Work instructions. Reproduce all of the entries character for character, while leaving out any pictures they contain.

Data provided.
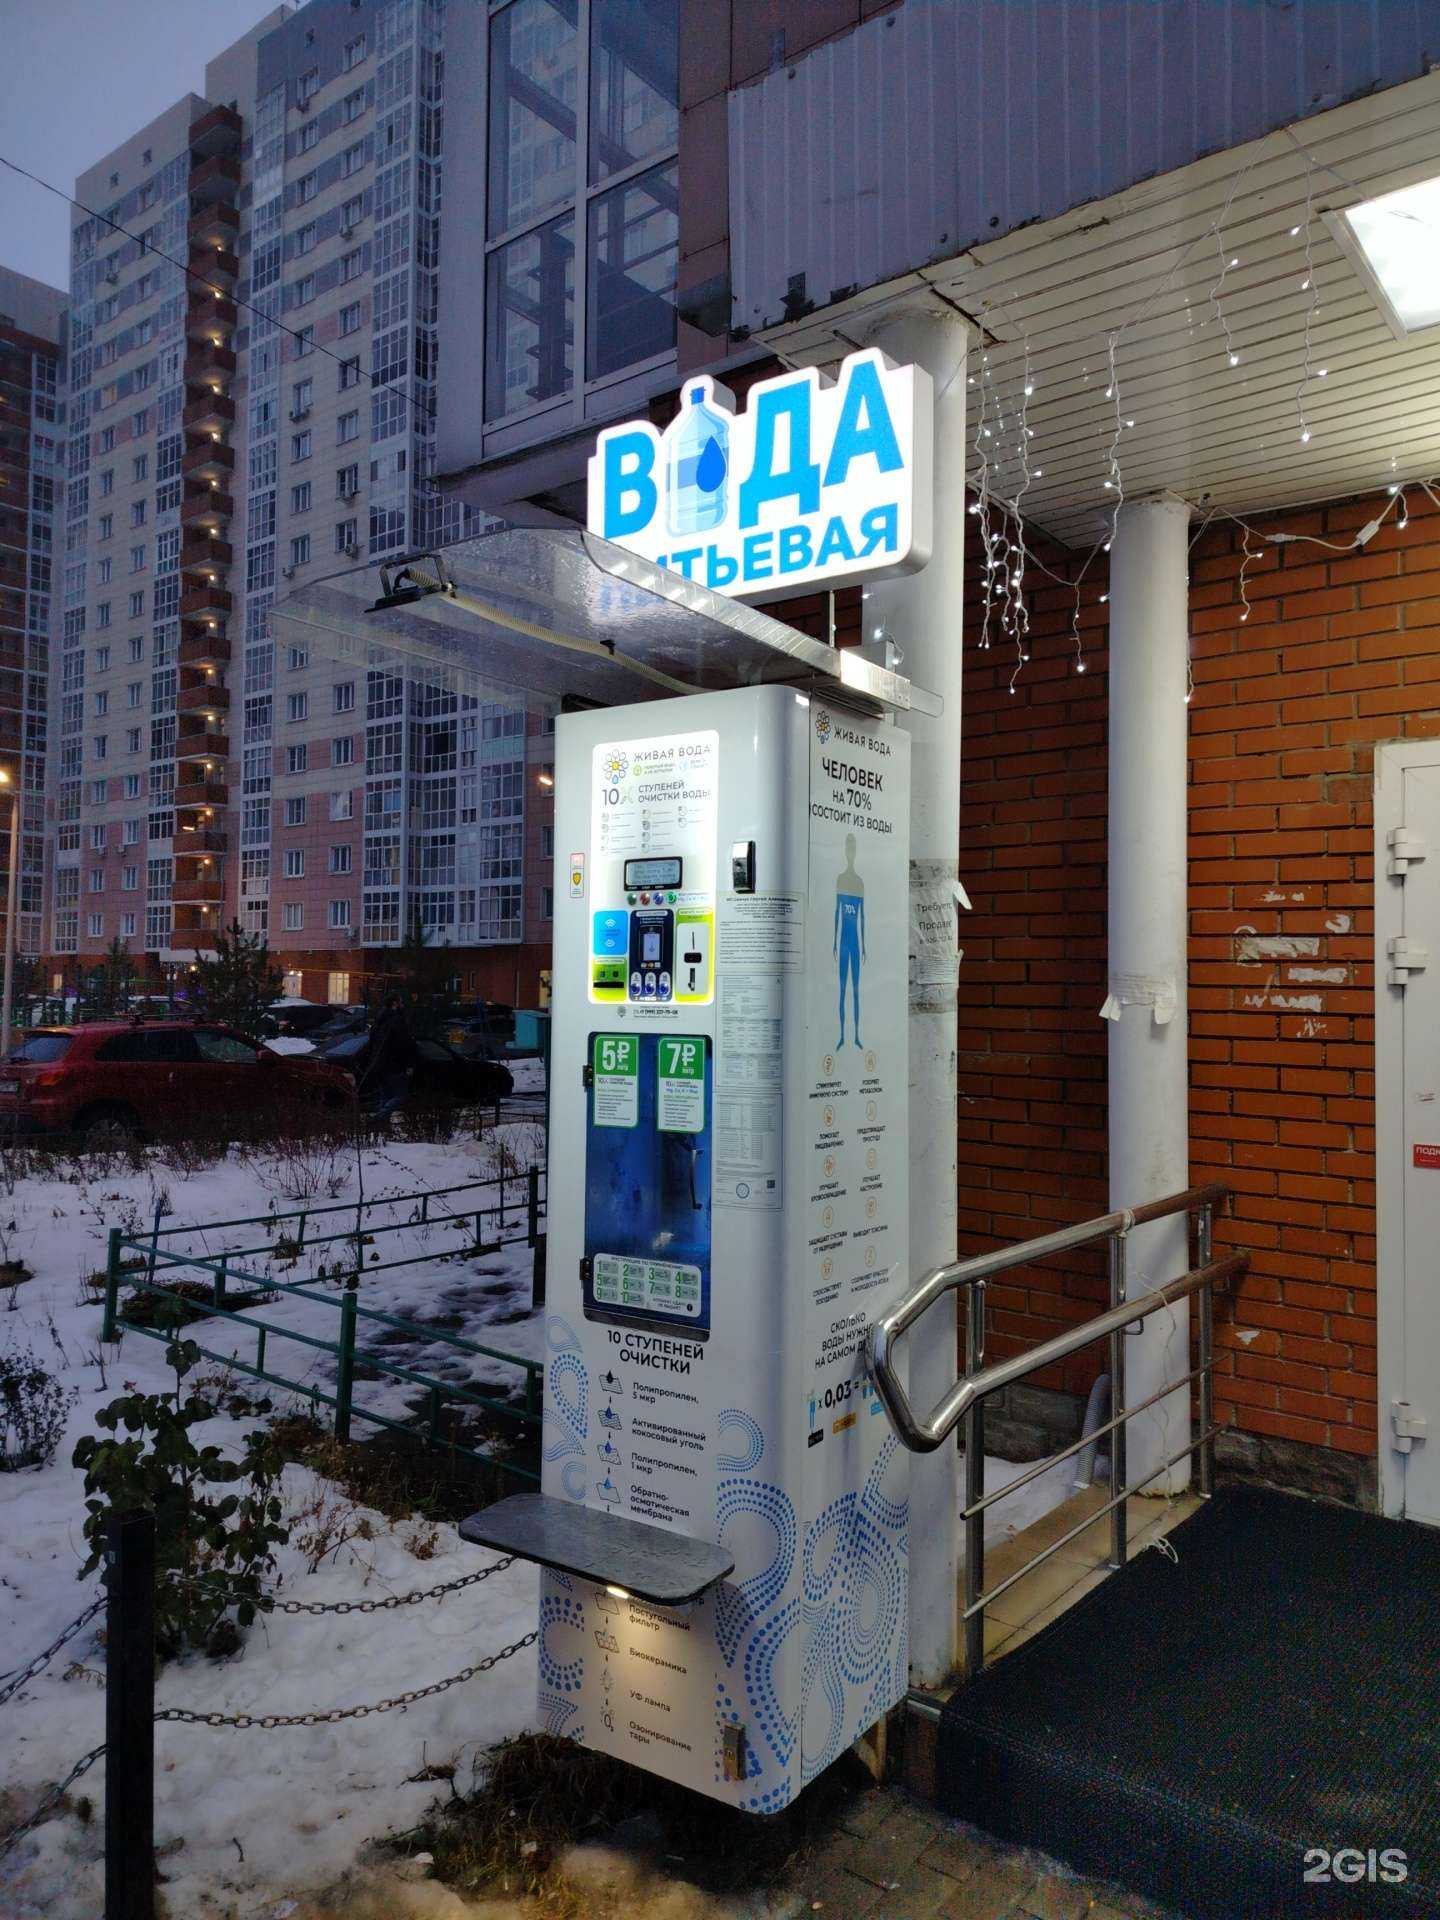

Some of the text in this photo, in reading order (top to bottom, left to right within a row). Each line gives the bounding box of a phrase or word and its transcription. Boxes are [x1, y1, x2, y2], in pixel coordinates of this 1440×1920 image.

[655, 502, 898, 589] ТЬЕВАЯ
[834, 726, 892, 757] ЖИВАЯ ВОДА
[634, 745, 711, 762] ЖИВАЯ ВОДА
[822, 757, 883, 792] ЧЕЛОВЕК
[602, 788, 619, 806] 10
[638, 780, 685, 793] СТУПЕНЕЙ
[638, 790, 711, 803] ОЧИСТКИ ВОДЫ
[832, 788, 872, 811] НА 70%
[811, 802, 893, 834] СОСТОИТ ИЗ ВОДЫ
[831, 1312, 866, 1333] СКОЛЬКО
[608, 1330, 704, 1361] 10 СТУПЕНЕЙ
[822, 1333, 845, 1351] ВОДЫ
[619, 1348, 691, 1375] ОЧИСТКИ
[815, 1356, 826, 1369] НА
[827, 1344, 856, 1364] САМОМ
[632, 1382, 699, 1405] Полипропилен,
[639, 1394, 656, 1405] мкр
[825, 1380, 852, 1409] 0,03
[632, 1418, 706, 1442] Активированный
[632, 1427, 704, 1451] кокосовый уголь
[631, 1452, 698, 1477] Полипропилен,
[636, 1464, 653, 1475] мкр
[630, 1484, 669, 1501] Обратно-
[630, 1495, 690, 1517] осмотическая
[630, 1504, 673, 1523] мембрана
[629, 1603, 691, 1631] Постугольный
[629, 1614, 660, 1631] фильтр
[629, 1647, 688, 1675] Биокерамика
[630, 1690, 671, 1713] УФ лампа
[629, 1720, 692, 1752] Озонирование
[629, 1732, 650, 1745] тары

Expected answer.
Some of the text in this photo, in reading order (top to bottom, left to right within a row). Each line gives the bounding box of a phrase or word and its transcription. Boxes are [x1, y1, x2, y2], in pixel coordinates of this 1440×1920 image.

[655, 502, 898, 589] ТЬЕВАЯ
[834, 726, 892, 757] ЖИВАЯ ВОДА
[634, 745, 711, 762] ЖИВАЯ ВОДА
[822, 757, 883, 792] ЧЕЛОВЕК
[602, 788, 619, 806] 10
[638, 780, 685, 793] СТУПЕНЕЙ
[638, 790, 711, 803] ОЧИСТКИ ВОДЫ
[832, 788, 872, 811] НА 70%
[811, 802, 893, 834] СОСТОИТ ИЗ ВОДЫ
[831, 1312, 866, 1333] СКОЛЬКО
[608, 1330, 704, 1361] 10 СТУПЕНЕЙ
[822, 1333, 845, 1351] ВОДЫ
[619, 1348, 691, 1375] ОЧИСТКИ
[815, 1356, 826, 1369] НА
[827, 1344, 856, 1364] САМОМ
[632, 1382, 699, 1405] Полипропилен,
[639, 1394, 656, 1405] мкр
[825, 1380, 852, 1409] 0,03
[632, 1418, 706, 1442] Активированный
[632, 1427, 704, 1451] кокосовый уголь
[631, 1452, 698, 1477] Полипропилен,
[636, 1464, 653, 1475] мкр
[630, 1484, 669, 1501] Обратно-
[630, 1495, 690, 1517] осмотическая
[630, 1504, 673, 1523] мембрана
[629, 1603, 691, 1631] Постугольный
[629, 1614, 660, 1631] фильтр
[629, 1647, 688, 1675] Биокерамика
[630, 1690, 671, 1713] УФ лампа
[629, 1720, 692, 1752] Озонирование
[629, 1732, 650, 1745] тары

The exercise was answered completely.